I stand in the kitchen of my sister and her partner, David’s house. Its quiet and I lean over the sink washing a white cereal bowl while looking through the window to a frost covered garden. Suspended by a thread, fastened to an ornate, imitation iron pole, a Starling hangs from a half coconut shell. The bird’s chest is shining black plumes smattered with white flecks. The Starlings chest is an oil slick of green, blue, red, purple and in that puffed chest, the white flecks are stars and planets and satellites that flicker and move in a black solar system and as I place the cereal bowl on the draining rack I’m transported…
The cold, thin air burnt infected lungs. My breathing was laboured. Tim Neill was up front and on occasion I saw his headtorch shine my way. We had left the Refuge Torino at six thirty heading into Cirque Maudit with the intention to climb Fantasia per a Ghiacciatore, an enclosed ice and mixed line I had climbed previously.
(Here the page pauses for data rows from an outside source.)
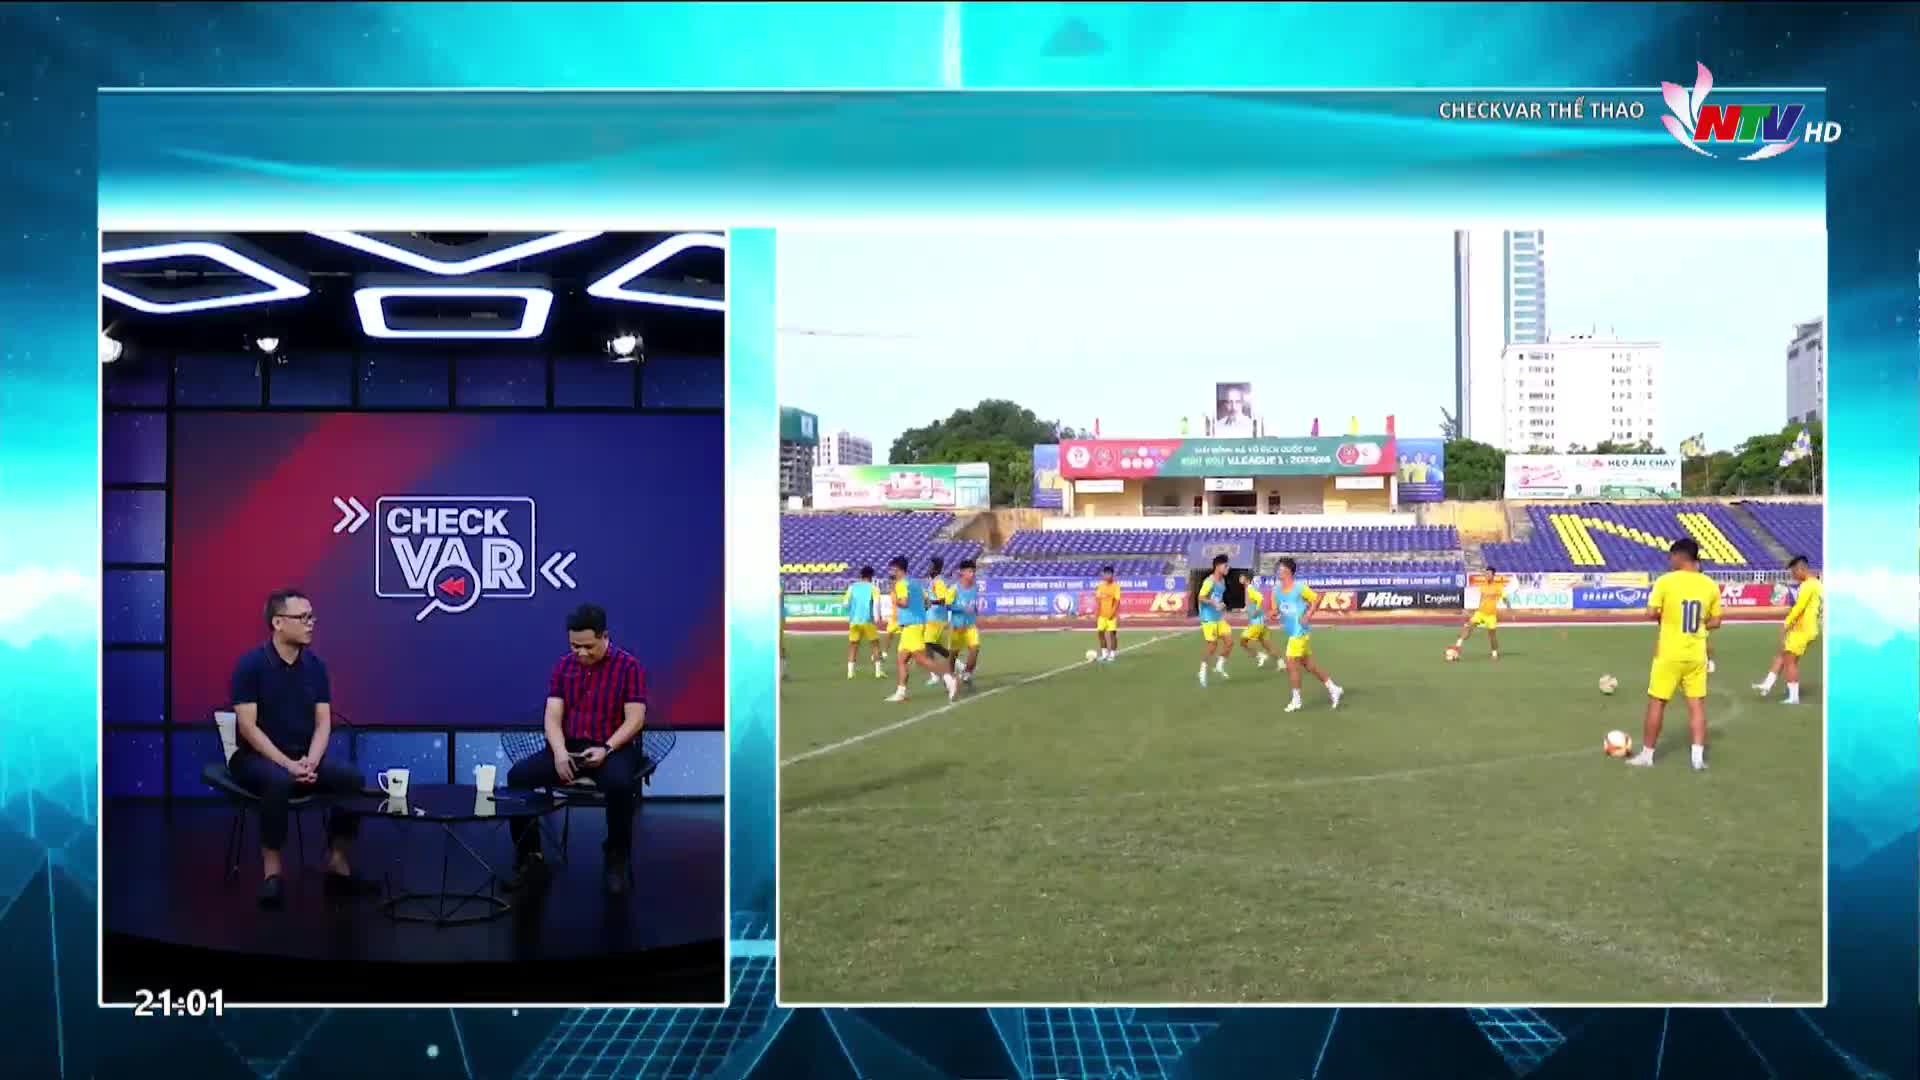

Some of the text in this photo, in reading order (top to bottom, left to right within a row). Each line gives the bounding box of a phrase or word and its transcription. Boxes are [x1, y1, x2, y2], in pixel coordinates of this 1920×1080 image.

[1649, 459, 1676, 467] CHAY
[386, 507, 509, 535] CHECK
[390, 537, 526, 589] VAR
[1361, 592, 1460, 609] Mitre England
[1681, 599, 1701, 634] 10
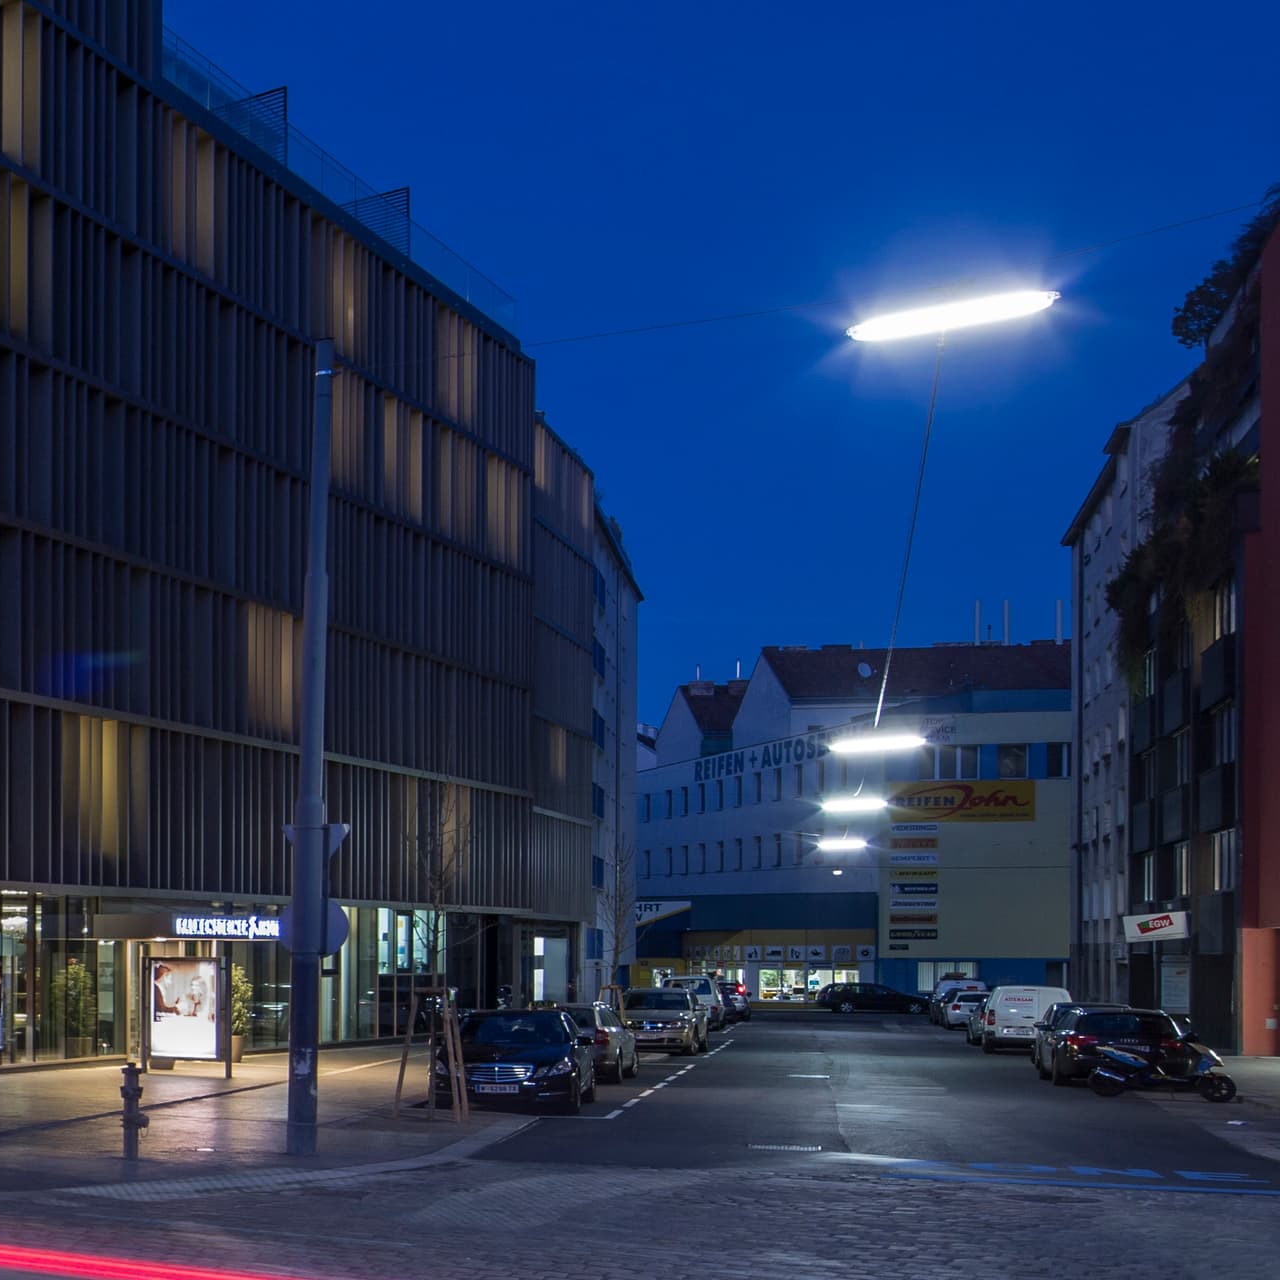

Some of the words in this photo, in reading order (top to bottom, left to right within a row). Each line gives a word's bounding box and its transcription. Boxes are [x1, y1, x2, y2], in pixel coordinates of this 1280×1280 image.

[694, 750, 744, 782] REIFEN
[896, 796, 955, 807] REIFEN
[956, 783, 1030, 812] John
[1148, 918, 1170, 929] EGW
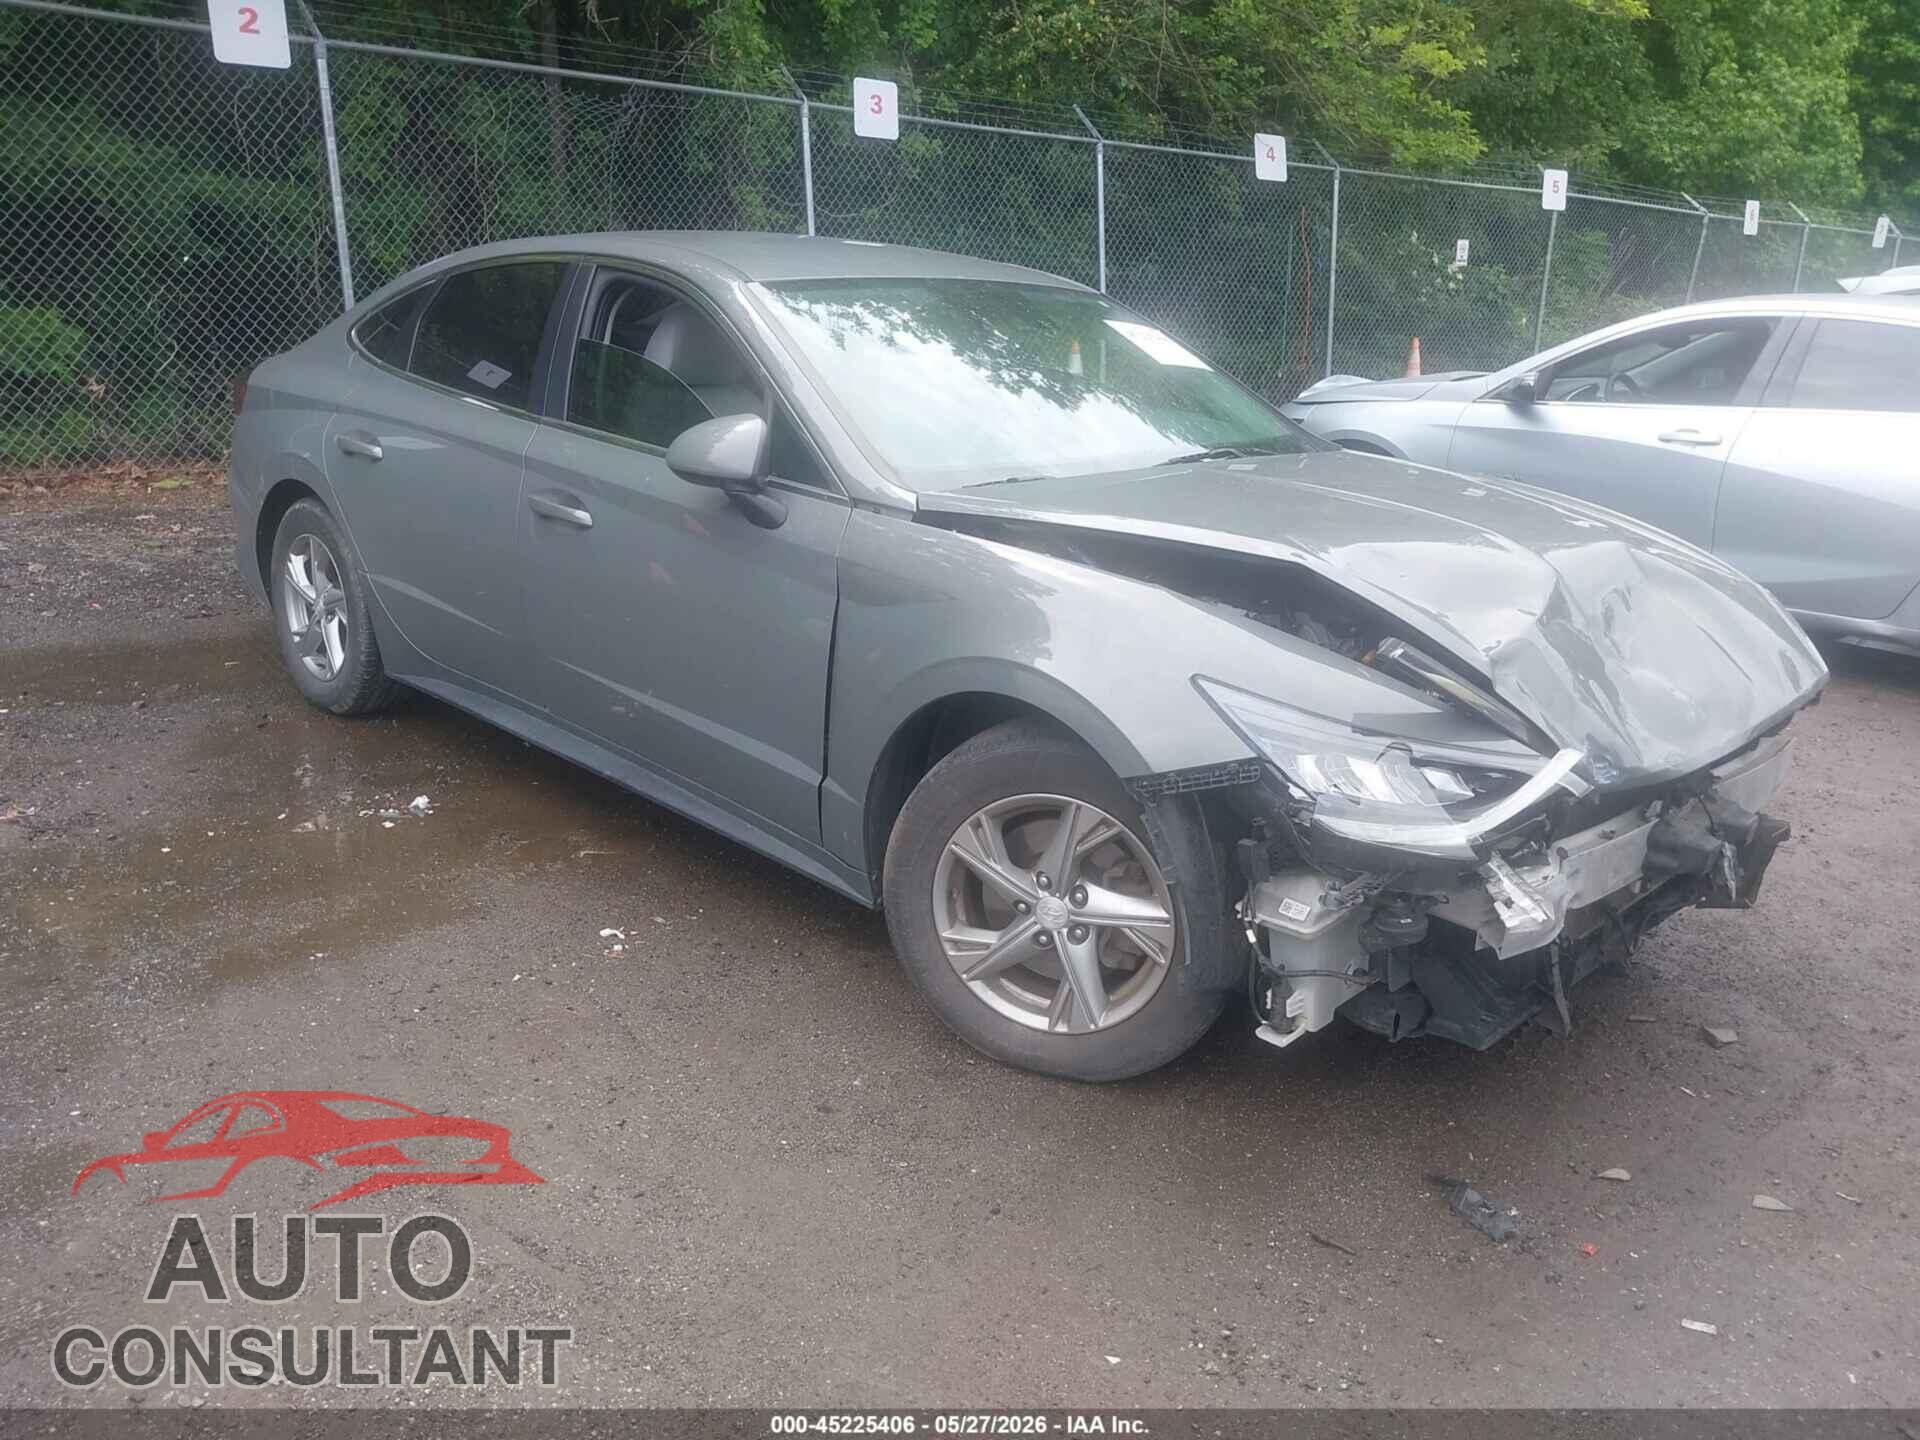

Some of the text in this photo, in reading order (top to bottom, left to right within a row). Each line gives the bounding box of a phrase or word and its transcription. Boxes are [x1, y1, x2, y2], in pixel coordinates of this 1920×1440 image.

My lungs sucked and I wondered if this was the same strain of infection that my Mum had caught, the same strain that had killed her? In my mind’s eye, I saw Mum lying on a trolley in a hospital corridor tended by ambulance men. Lesley, my sister had been with her, she said they were in the corridor for three hours before being taken to the intensive care unit. My skis cut the snow and my breathing hurt and in the dark, all around I could see my Mum lying on a trolley in a corridor.
Choughs circled, their wings spread wide to catch the breeze. It was light now and in the distilled red and blue striped horizon were jagged mountains. The holes in the snow at my feet filled with powder. Tim and I geared up, the same as I had geared up a million times before, the same as I had geared up beneath this climb a few years earlier.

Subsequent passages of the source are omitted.